Çelik kıtlığı İngiltere’nin açık deniz projelerinde değişim rüzgârını tehdit edebilir
Önde gelen bir danışmanlık firması, İngiliz hükümetinin 2030 yılına kadar 50 GW açık deniz rüzgar enerjisi sağlamayı planladığını ancak yerli çelik üretimi artırılmadığı takdirde bu hedefin gecikmelerle karşı karşıya kalacağını söyledi.
Newton Consultancy Group tarafından hazırlanan bir rapora göre, İngiltere’yi rüzgar türbinleri inşa etmek için yabancı çeliğe güvenmeye zorlamak maliyet yükünü artırabilir ve projeleri yavaşlatabilir.
Hükümetin ekonomiyi karbondan arındırma planının bir parçası olarak, şu anda 2030 yılına kadar 50 GW açık deniz rüzgar enerjisi sağlamayı hedefliyor.
Raporda, bunun yapılabilmesi için İngiltere çelik arzının 2025 ile 2027 yılları arasında beşte bir oranında artması gerektiği belirtildi.
Grup, bu nedenle dönem içinde İngiltere’nin yıllık çelik üretiminin %23’üne eşit olan 3.8 milyon mt’a daha ihtiyaç duyulacağını açıkladı.
Newton’un ortağı Dan Parker, “Sektör 50 GW hedefine ulaşmak için çabalarken, öngörülen talep zirvelerini karşılayabilecek istikrarlı bir çelik tedariki sağlamak için Birleşik Krallık endüstrisi ve hükümetinin işbirliği yapması zorunludur” dedi.
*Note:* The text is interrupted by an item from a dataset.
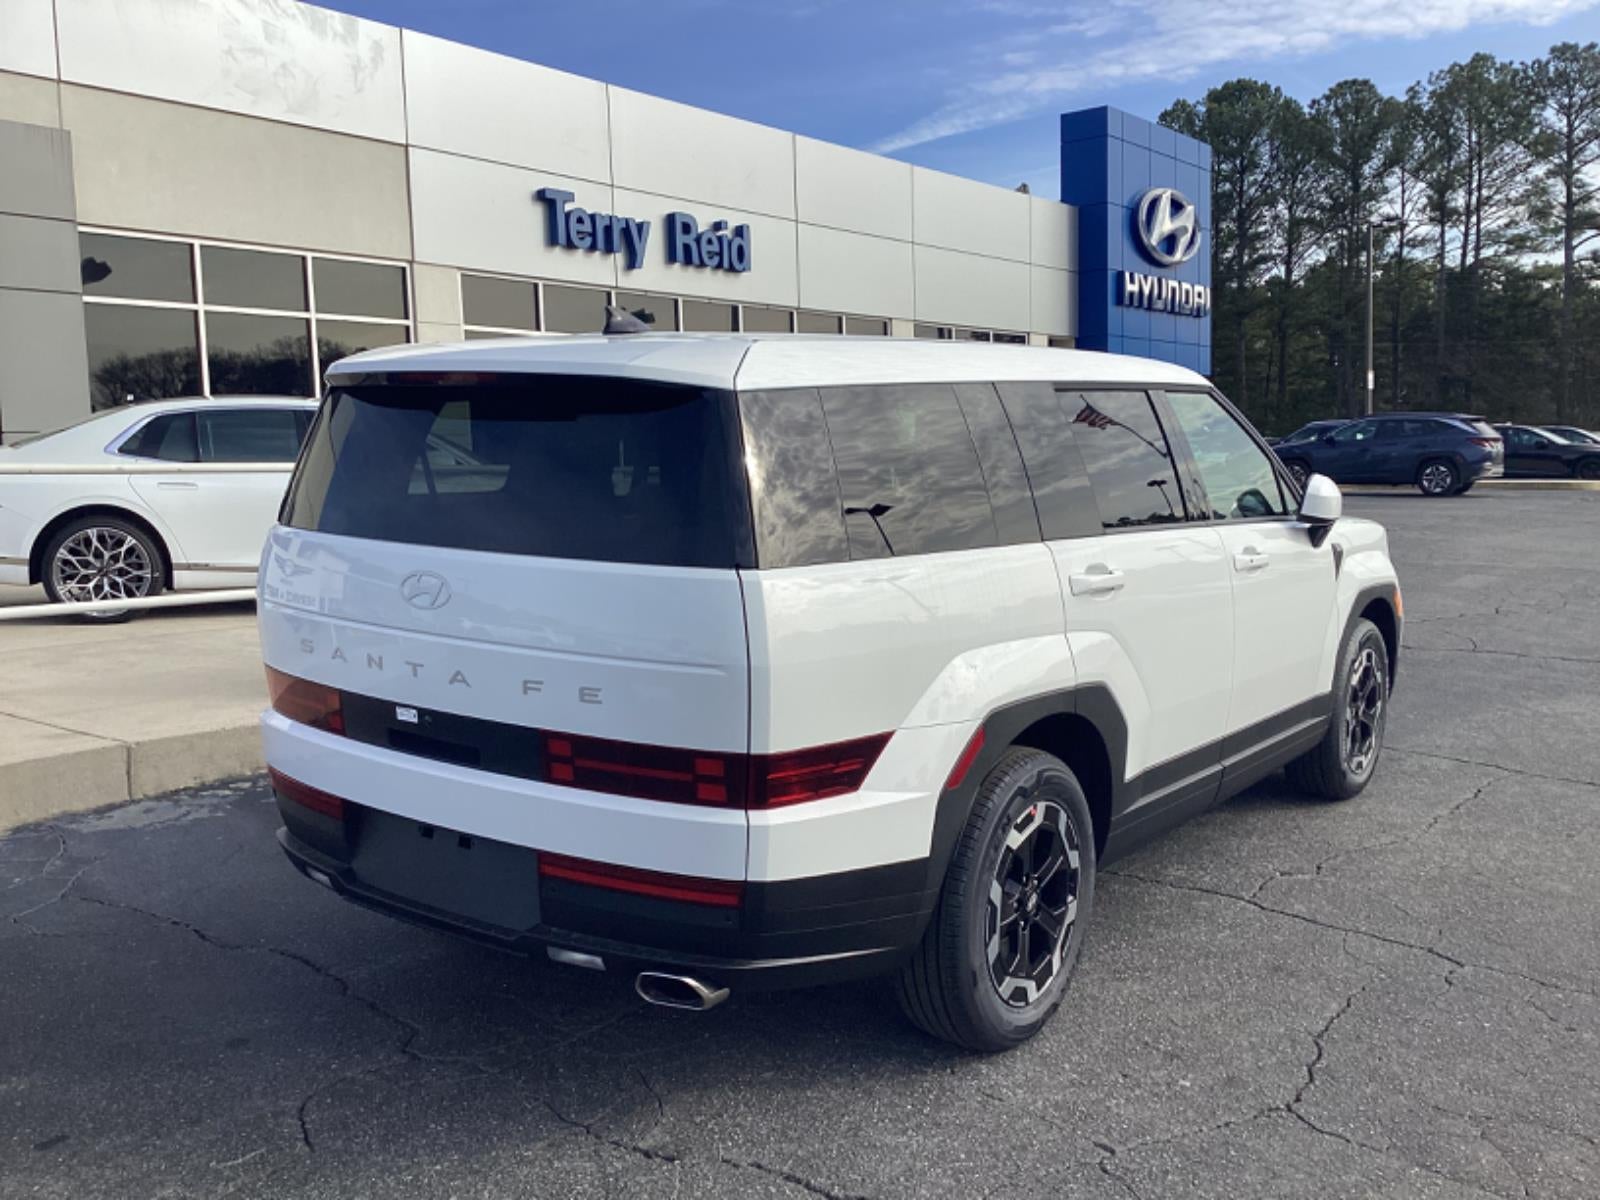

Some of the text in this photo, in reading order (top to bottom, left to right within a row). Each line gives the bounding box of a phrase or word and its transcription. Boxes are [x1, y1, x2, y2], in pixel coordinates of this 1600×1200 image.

Danışmanlık raporu, üretici Tata Steel’in Güney Galler’deki Port Talbot’taki iki yüksek kömürle çalışan fırınını kapatma planlarını açıklamasının ardından geldi.
Bu yılın başlarında firma, mevcut sistemleri daha yeşil bir elektrik ark ocağıyla değiştireceğini açıklamıştı.
Fırın, sıfırdan çalışmak yerine hurda metalden çelik üretiyor.
Yüksek fırınlar ithal cevher ve kömür kullanılarak çalıştığından, bazıları yeni teknolojinin Birleşik Krallık’ın enerji güvenliğini artırabileceğini söylüyor.
Öte yandan diğer uzmanlar, elektrikli modelin mevcut fırınların üretimini karşılamakta zorlanacağını ve bu durumun İngiltere’yi yabancı çeliğe daha bağımlı hale getireceğini söylüyor.
Pek çok ülkenin yeşile geçiş için zaten büyük ölçüde malzemeye bağımlı olduğu bir dönemde bu durum fiyat artışına yol açabilir.
Endüstri analistleri ayrıca, yeşil tesisin belirli çelik türlerini üretmek için ithal saf demire veya işlenmemiş çeliğe güvenmek zorunda kalabileceğini öne sürdü.